A couple of general tips..


Get one that has a removalbe memory card
I'd spring for color if budget allows
Garmin has decent OSX support
Taking a point of your current location is called a Waypoint. All basic GPS's will do this
You should make sure that what ever you buy has WAAS. Any modern GPS should support WAAS these days but it'll greatly enhance the accuracy of the GPS (from 10+ meters down to 2-3 most of the time)
There's several shareware apps that can help sync photo's to GPS points based on the time date stamp.
On the high end there's the Caplio 500SE that integrates the GPS into the camera body. I bought last years model for field use and its a slick system...though likely over kill for your needs.
 there's also Sony's GPS device for tagging photo's. I've never used one but it looks like it has possibilities.


----------



## RunTheWorldOnMac (Apr 23, 2006)

They were in Montreal so that explains most of the problem; he probably had to avoid the insanity, weaving in an out and Tom Tom got confused...he checked it over and over and his way point was right...


----------



## ErnstNL (Apr 12, 2003)

I bought a Mio DigiWalker C220s 1 month ago. 
We used it for our driving trip from St. John's to Ottawa to see our daughters. I am originally from Montreal so I know how to get to Ottawa. TCH all the way!

I decided to get one because the street maps are invaluable. It saved a lot of time to try to find points of interest and desired destinations rather than making wrong turns down unfamiliar streets in a growing city. I must comment that Ottawa has grown since my last trip there in the early 90's and is a very busy place. 
The Mio C220 is a newer model with the SiRFStarIII chip. About $250 from Staples.
Mio Technology Announces C220 Car Navigation System - Mio Press Release - Mio Technology
This model was the cheapest and easiest to use available unit in our area. I would recommend it if you want a basic GPS to get from point A to point B.
The North American maps are 2 years old and need updating but are very accurate. 
This unit can be hacked into becoming a basic Windows CE PDA.
I can use this unit for North American cities and can set multiple waypoints as Points of interest (POI) for future reference if I want. It can be set for vehicle use, for bicycle or motorcycle or for walking. If I wanted to find a certain address in any NA city I would enter it and it's voice or map will direct me. I think a GPS is the greatest thing for travelers since luggage. 
My advice is to check out the websites like GPS Passion Forums: GpsPasSion Forums
and get the NEWEST and best you can afford. There are a lot of older handhelds on sale right now. Some Magellans and Garmins are on clearance at Canadian Tire and Costco but the newer models seem to have better features.
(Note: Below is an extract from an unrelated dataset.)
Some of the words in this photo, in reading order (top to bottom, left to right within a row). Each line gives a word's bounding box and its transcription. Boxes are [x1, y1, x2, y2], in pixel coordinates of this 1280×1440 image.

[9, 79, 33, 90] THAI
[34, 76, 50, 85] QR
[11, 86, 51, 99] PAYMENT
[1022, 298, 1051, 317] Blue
_Added commen_t:Just wanted to add that a lot of the newer GPS units have bluetooth, MP3 players and video player capability which adds to their cost or increases their functionality if you desire those features.


----------



## kps (May 4, 2003)

A Lowrance is one of the better ones out there. The portable units are extremely accurate and reliable with expandability built in. The expantion cards are not cheap, but very good and up to date. I'll be getting one myself, shortly.
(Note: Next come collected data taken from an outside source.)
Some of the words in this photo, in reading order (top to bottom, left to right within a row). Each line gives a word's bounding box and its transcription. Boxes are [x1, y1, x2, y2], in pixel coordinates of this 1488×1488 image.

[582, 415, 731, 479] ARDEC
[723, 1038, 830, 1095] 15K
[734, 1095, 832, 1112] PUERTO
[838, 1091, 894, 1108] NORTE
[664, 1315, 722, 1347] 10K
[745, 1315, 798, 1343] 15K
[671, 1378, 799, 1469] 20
http://www.lowrance.com/Products/Outdoors/default.asp

BTW, the GPS for location tracking of pictures is a great idea.


----------



## Andrew Pratt (Feb 16, 2007)

Just for clarification there's really only two things that determine the accuracy of a GPS...1. the availability of GPS satellites available to you at your present location. (tree's and buildings block line of sight which degrades the accuracy) and 2. WAAS. Now that WAAS pretty much covers North America and all modern GPS's use it your accuracy should be sub 5 meters all the time...and often down to 2-3 meters providing you can get a decent number of satellites and a good WAAS signal. So really there shouldn't be any different between a Garmin, Lowrance or Magellan unit as far as accuracy goes its pretty much just features, cost and software which is where Garmin shines as most of the 3rd party app's are written for Garmin. 
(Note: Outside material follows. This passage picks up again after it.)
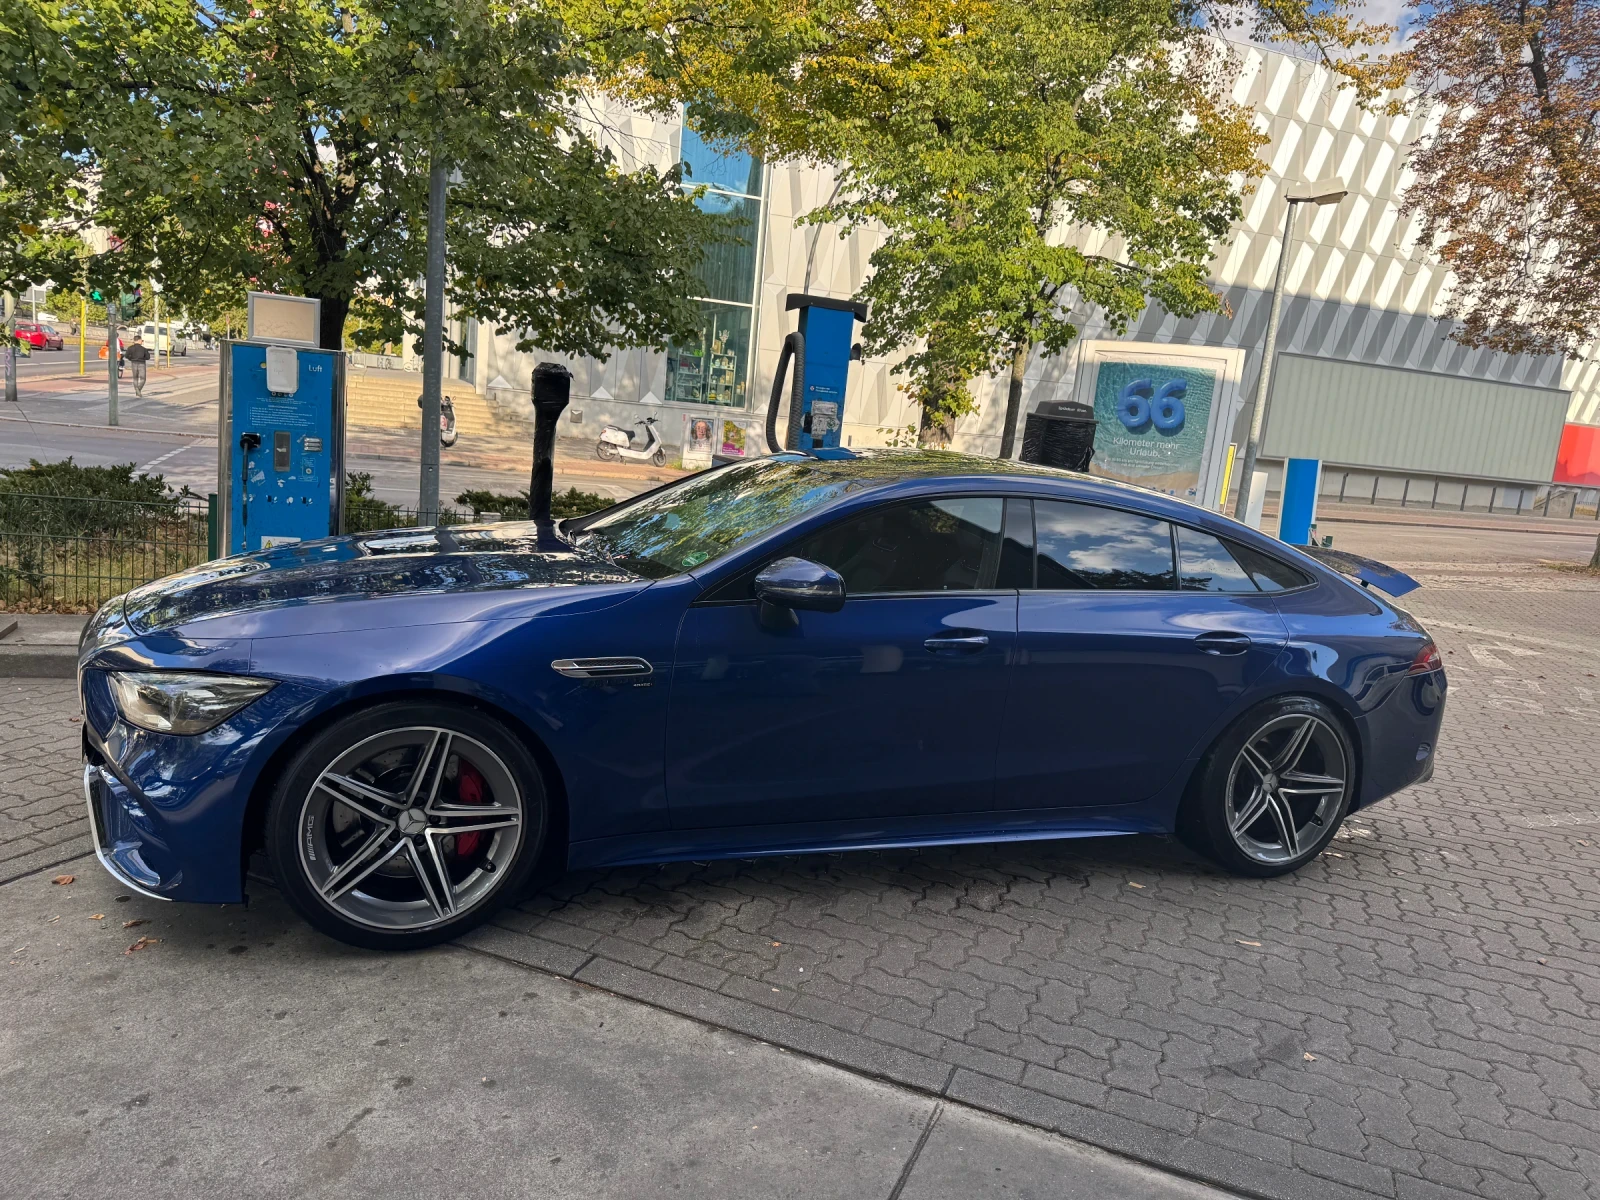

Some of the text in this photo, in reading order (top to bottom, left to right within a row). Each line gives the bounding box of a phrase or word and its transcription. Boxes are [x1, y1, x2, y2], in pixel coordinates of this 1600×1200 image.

[308, 364, 323, 373] Luft
[1117, 378, 1187, 429] 66
[1112, 437, 1180, 450] Kilometer mehr
There's ways to get well below 1 meter accuracy using control stations but those are typically survey grade and not suitable for what we're talking about here.


----------



## keebler27 (Jan 5, 2007)

i highly recommend the garmin series as in another post.
quality service, quality product and one of the biggest GPS makers out there.
using it (i have a 76C) is amazingly easy and accurate too. i strolled up to within 10 ft of my buddies during deer hunting in thick spruce forest. it was awesome.

BUT, i will say this...if you can get something with googlemaps for city maps, that would help. the garmins are great, but i sometimes find that google is just that much more updated with new streets etc...


----------